This page answers the following questions:

What services are there available if my child has a neurological condition?
How does my child get extra educational help?
How can parents ensure their child’s needs are met?

What services are available if my child has a neurological condition?

A number of neurological conditions are present from birth and others arise in childhood. Your child has the same rights to appropriate health, social and educational services as everyone else. The medical professionals treating your child are most likely to specialise in treating children. This is known as paediatric care. In some areas there are also specialist facilities for children, for example child development centres. These will assess your child’s development needs and help provide co-ordinated family support from health, social and education services.

Many neurological conditions will mean that a child will be covered by the legal definition of ‘disability’ entitling them to be considered for additional services.

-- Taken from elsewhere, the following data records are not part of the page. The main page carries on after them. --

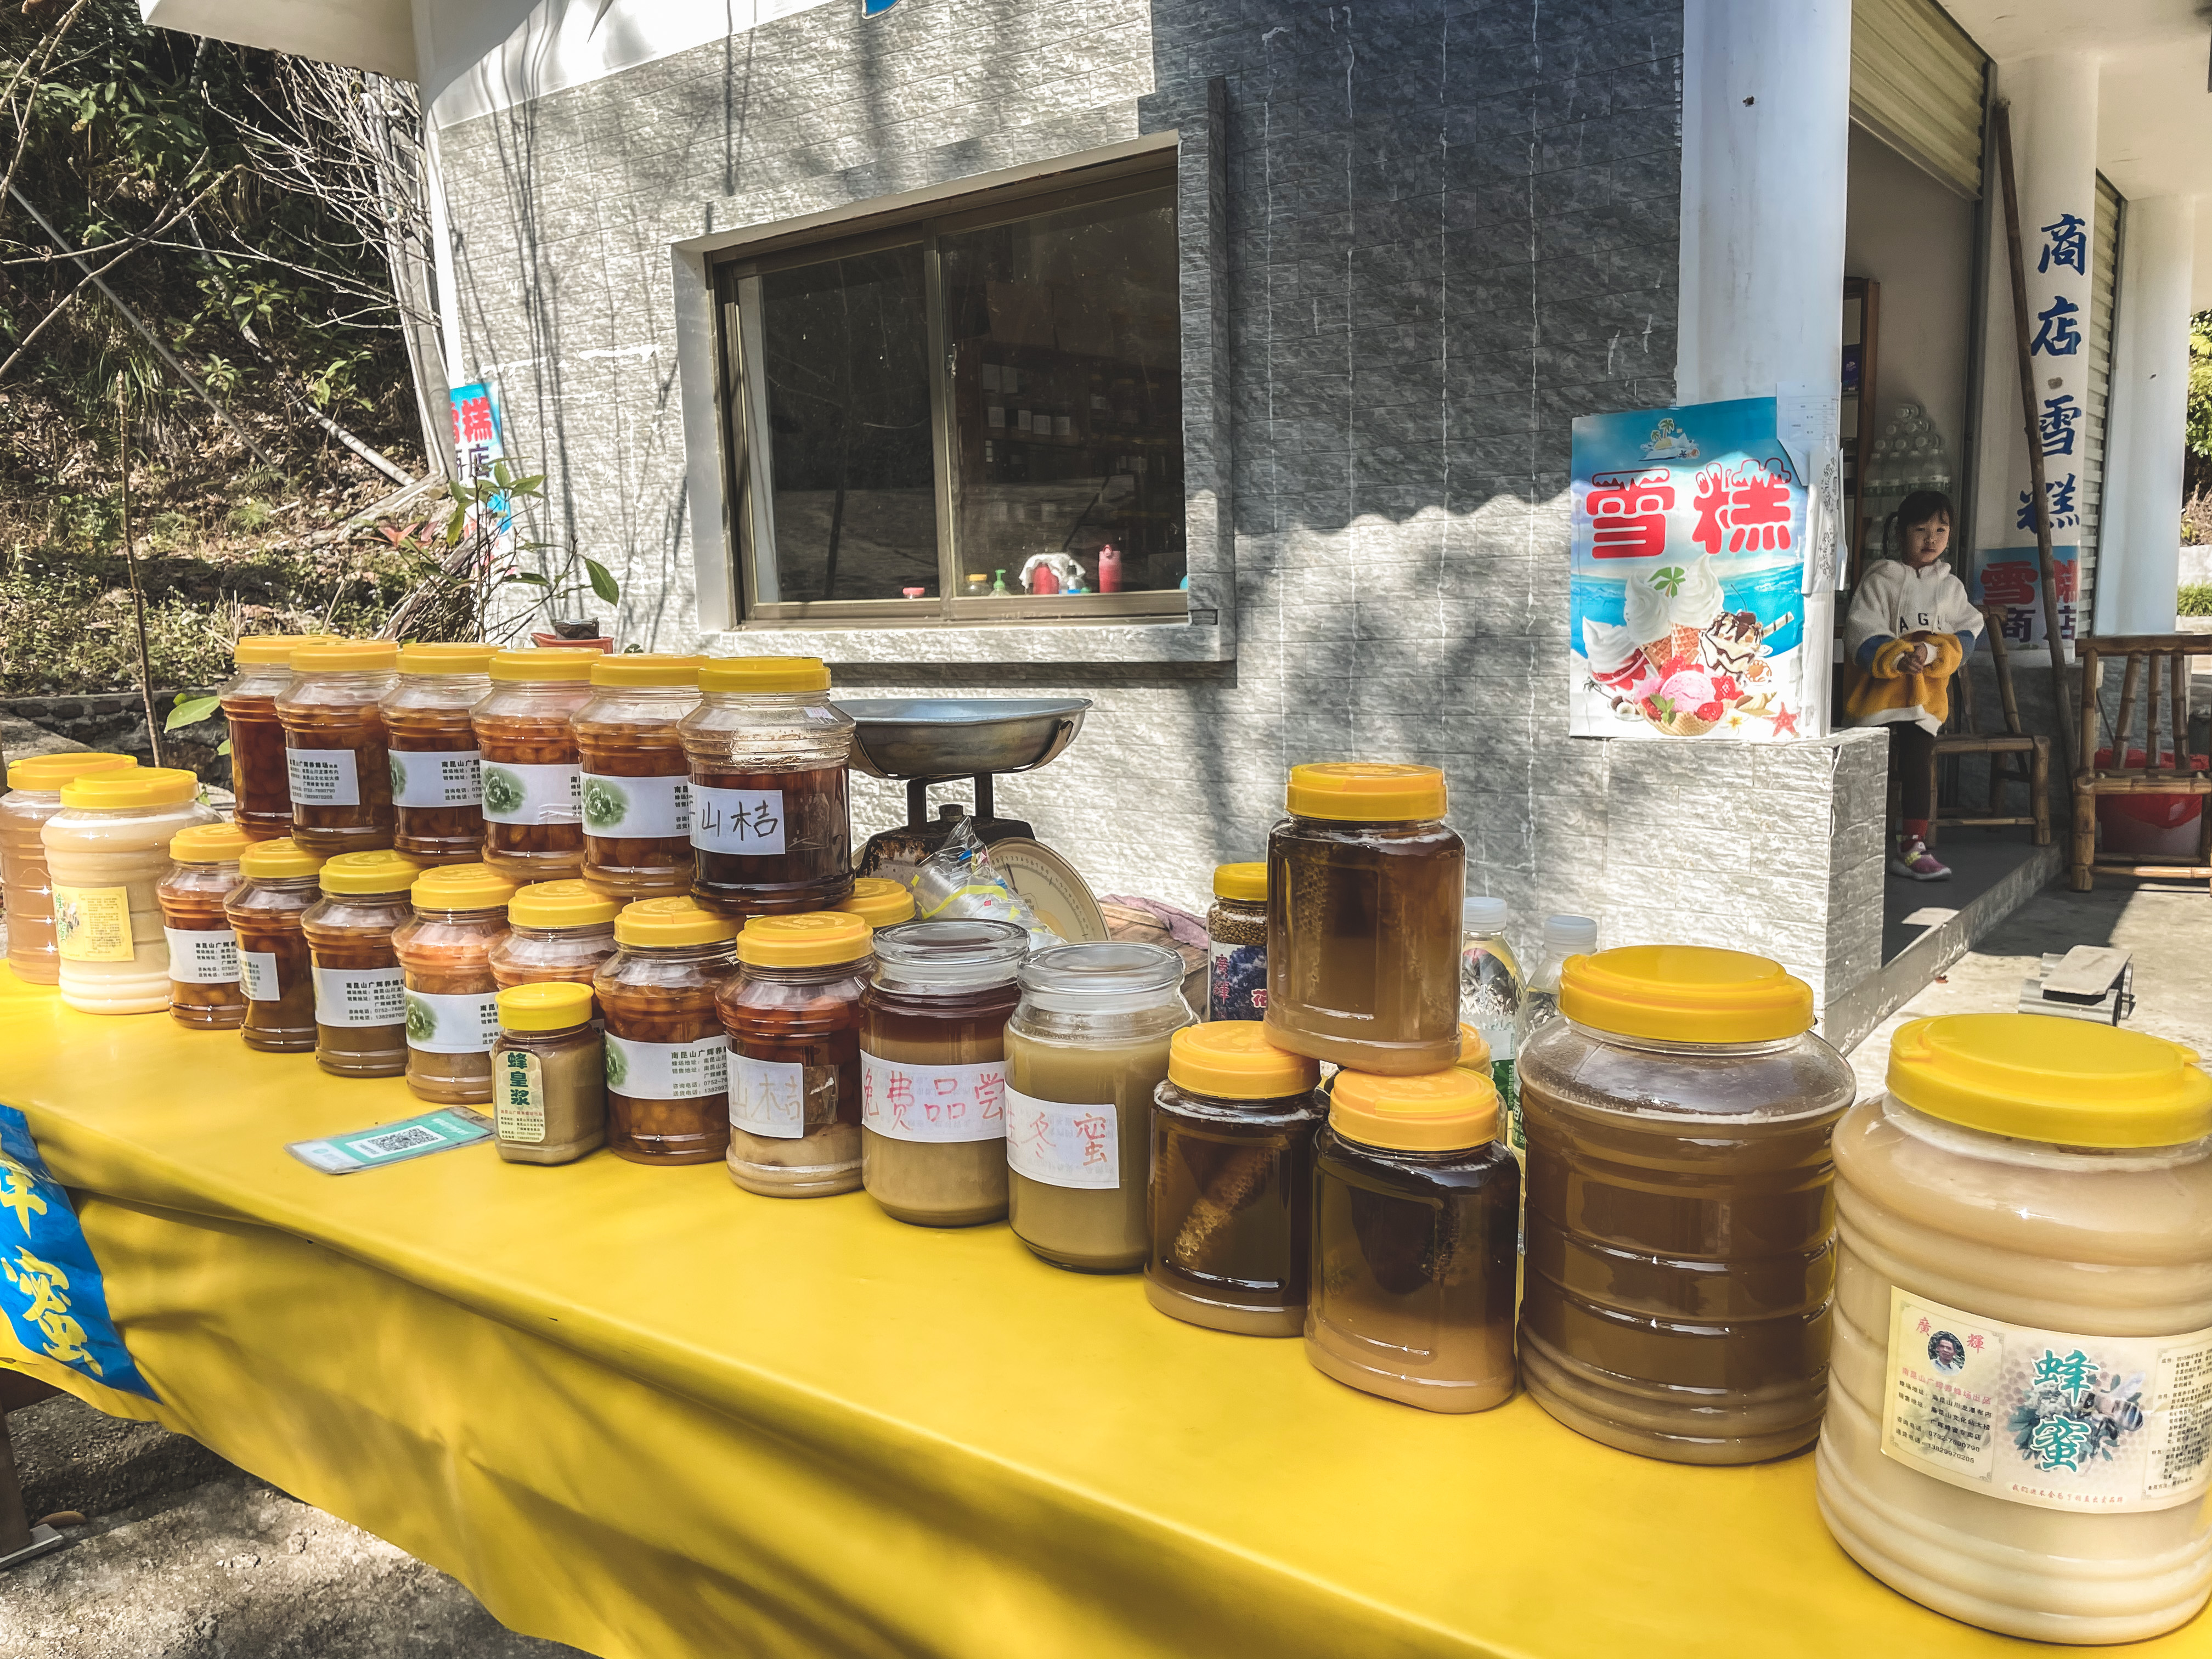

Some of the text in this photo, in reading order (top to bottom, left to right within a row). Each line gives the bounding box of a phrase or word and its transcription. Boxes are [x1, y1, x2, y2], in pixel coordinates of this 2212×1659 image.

[451, 397, 493, 444] 糕
[1587, 458, 1792, 559] 雪糕
[689, 795, 778, 841] 山桔
[507, 1052, 530, 1105] 蜂皇浆
[864, 1068, 1005, 1131] 免费品尝
[2029, 1348, 2101, 1473] 蜂蜜

Your child is entitled to be assessed by social services at any age in order to establish what services can be provided for you and your child, for example, practical assistance at home or home adaptations. If it is agreed that services are needed, children’s social services will draw up a care plan. This summarises the services to be provided. You will be given a copy of this and it should be reviewed by children’s services every year.

How does my child get extra educational help?

If you think that your child has special educational needs (SEN) you should talk to their early years education setting/school about your concerns. You can ask your local education authority to carry out an SEN assessment which could lead to your child having a Statement of their SEN and the extra help needed to meet their needs. For disabled children, schools must make reasonable adjustments to allow the child to be included.

How can parents ensure their child’s needs are met?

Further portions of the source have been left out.